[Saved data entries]
______

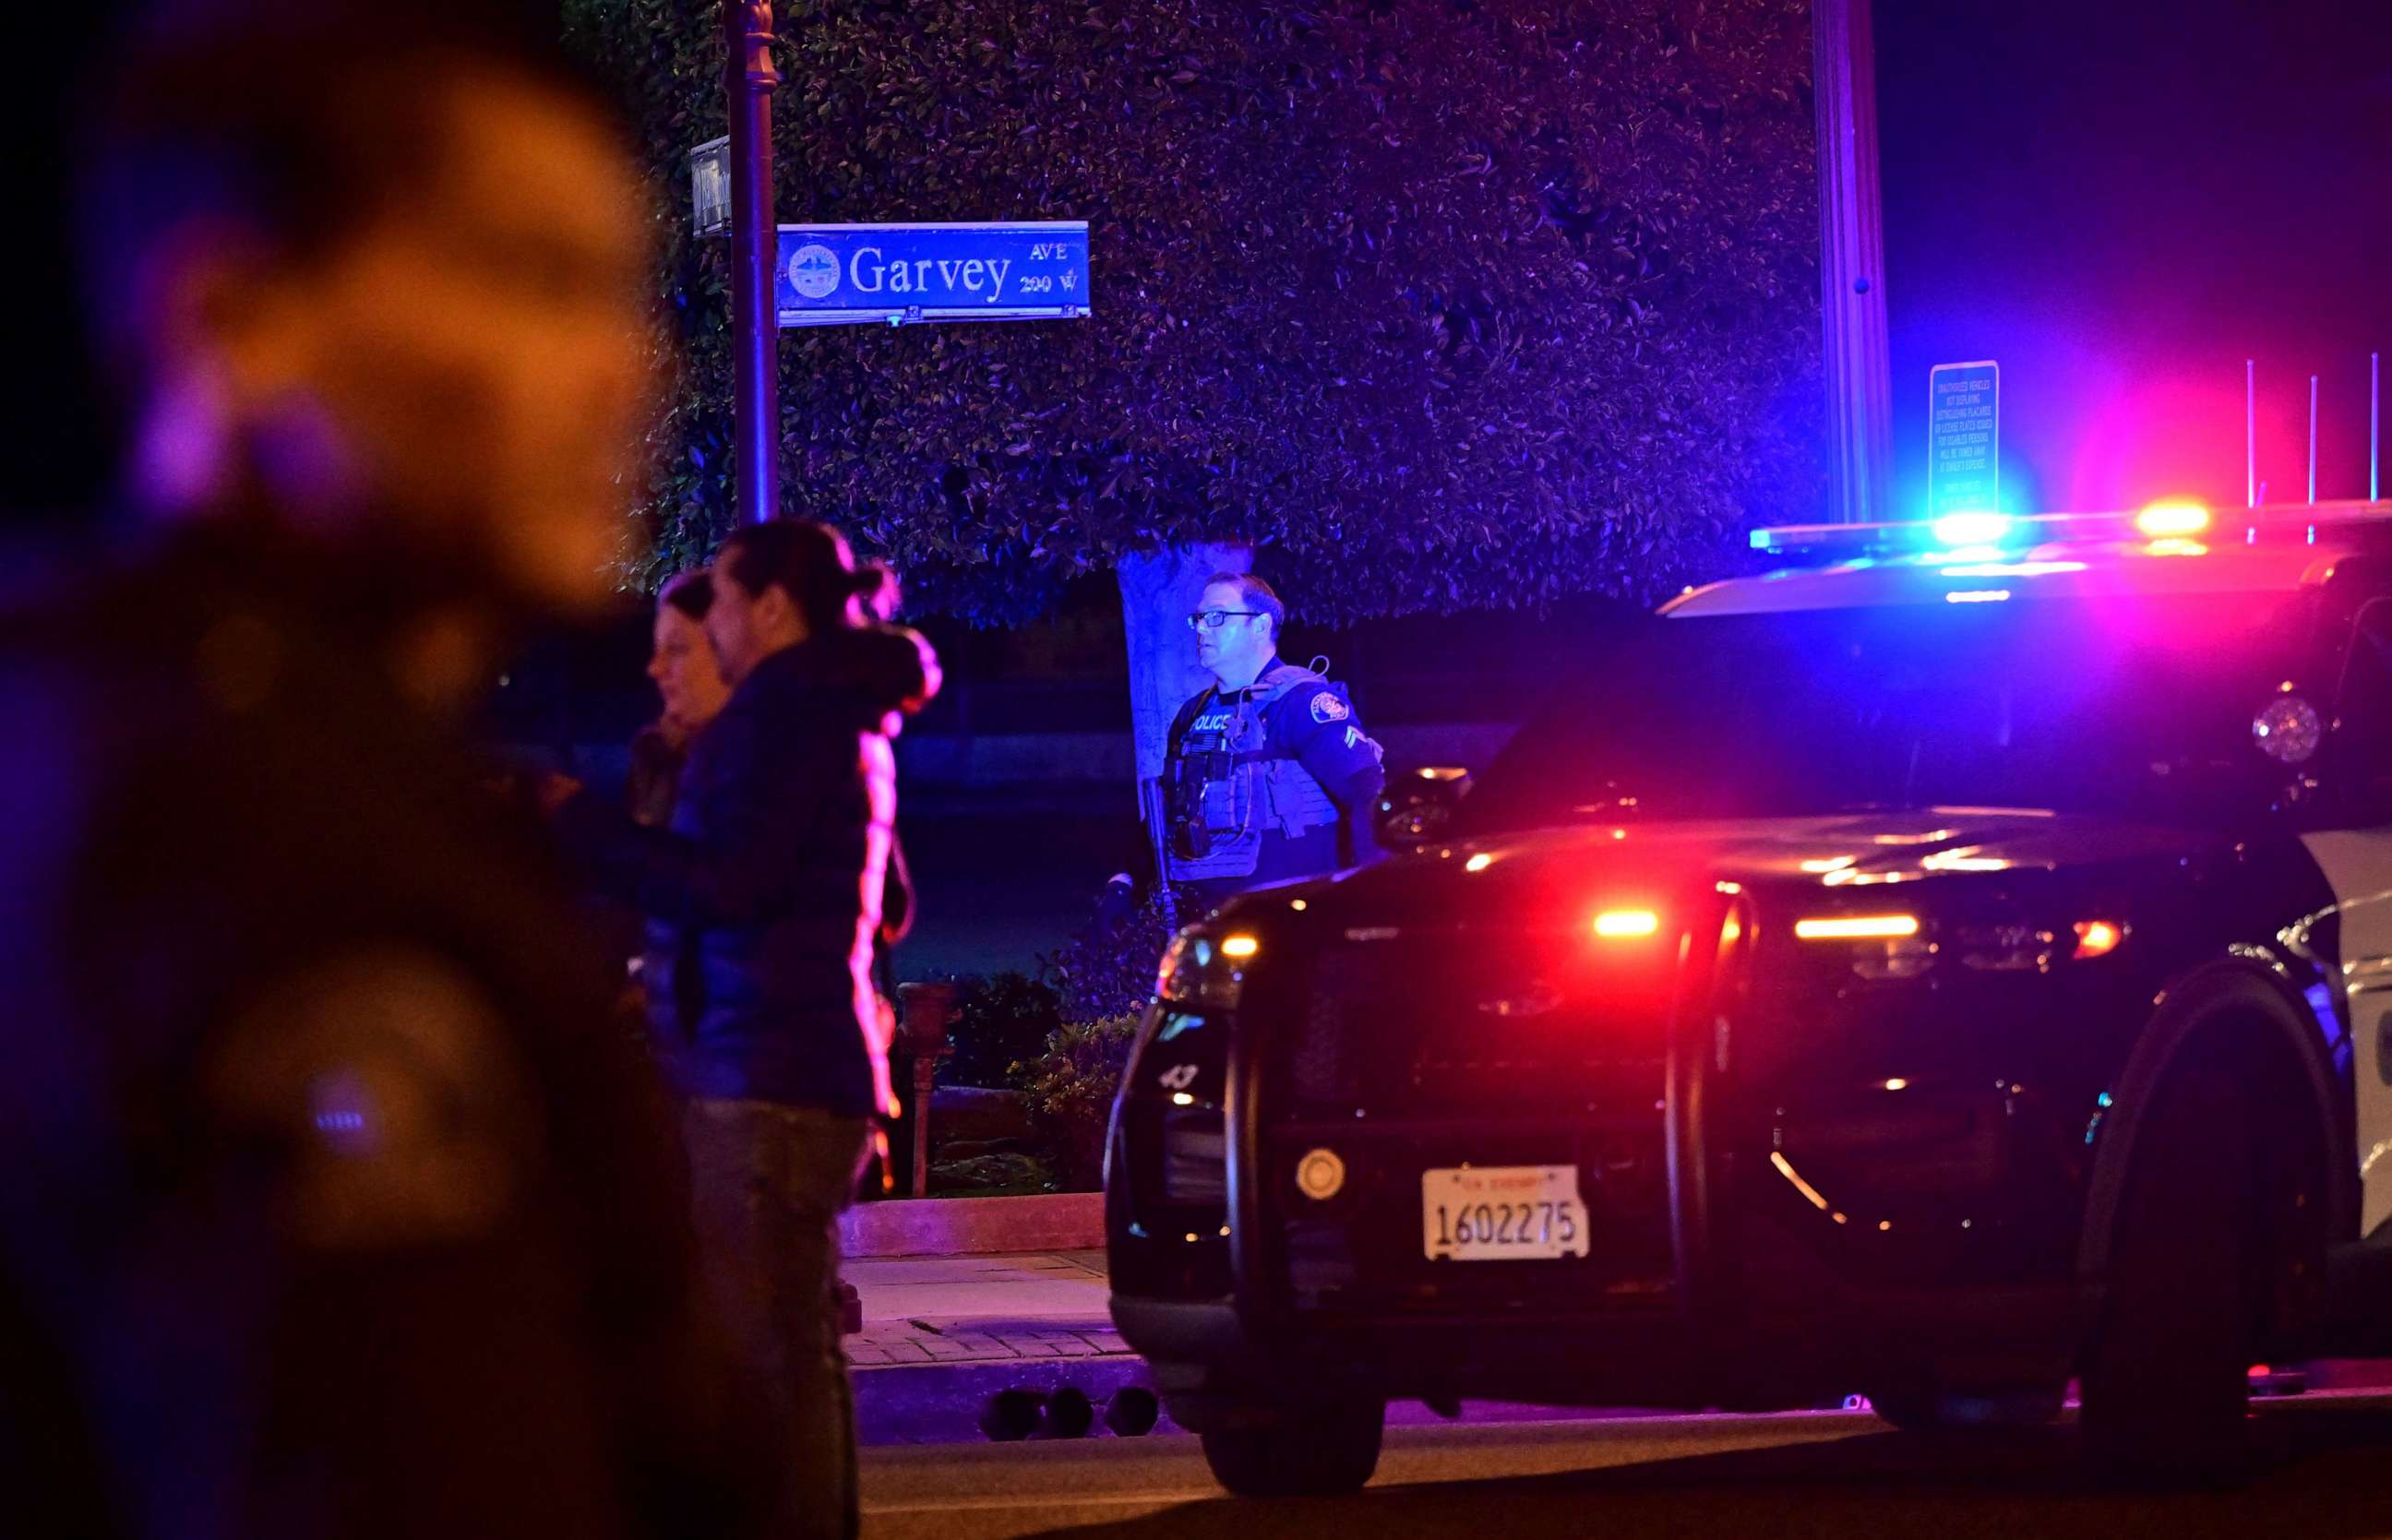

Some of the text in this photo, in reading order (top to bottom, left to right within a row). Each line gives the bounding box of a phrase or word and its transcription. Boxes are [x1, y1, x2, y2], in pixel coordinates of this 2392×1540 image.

[1030, 243, 1068, 260] AVE
[850, 247, 1011, 303] Garvey
[1020, 274, 1078, 293] 200 W
[1437, 1201, 1575, 1245] 1602275
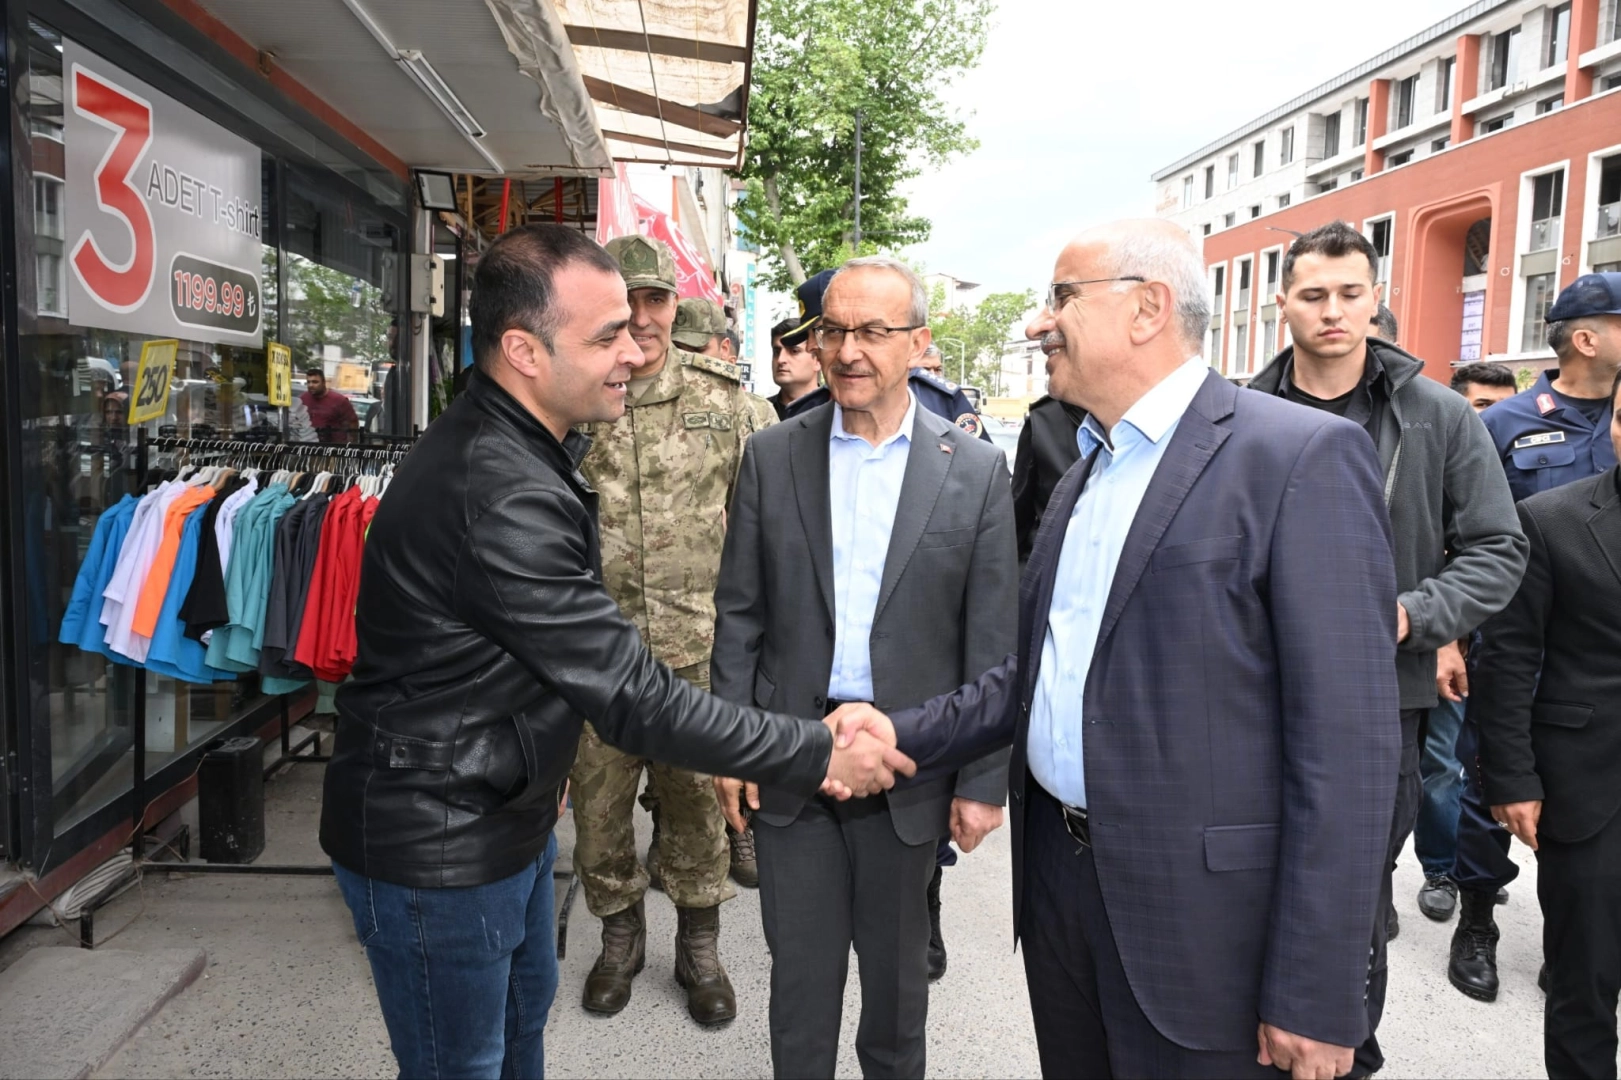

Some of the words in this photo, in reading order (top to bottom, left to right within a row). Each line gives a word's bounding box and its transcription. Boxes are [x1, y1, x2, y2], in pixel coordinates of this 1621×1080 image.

[71, 65, 156, 311] 3
[147, 161, 206, 217] ADET
[209, 187, 260, 238] T-shirt
[174, 269, 245, 318] 1199.99
[136, 365, 168, 407] 250

______

_EXERCISE REQUIREMENTS_: Your copy of the records above should be exact and contain no pictures.

_ANSWER BELOW_:
Some of the text in this photo, in reading order (top to bottom, left to right within a row). Each line gives the bounding box of a phrase or word and its transcription. Boxes are [x1, y1, x2, y2], in pixel coordinates of this 2392×1540 image.

[1030, 243, 1068, 260] AVE
[850, 247, 1011, 303] Garvey
[1020, 274, 1078, 293] 200 W
[1437, 1201, 1575, 1245] 1602275

Some of the words in this photo, in reading order (top to bottom, left to right within a row). Each line gives a word's bounding box and its transcription. Boxes are [x1, y1, x2, y2], in pixel coordinates of this 1621×1080 image.

[71, 65, 156, 311] 3
[147, 161, 206, 217] ADET
[209, 187, 260, 238] T-shirt
[174, 269, 245, 318] 1199.99
[136, 365, 168, 407] 250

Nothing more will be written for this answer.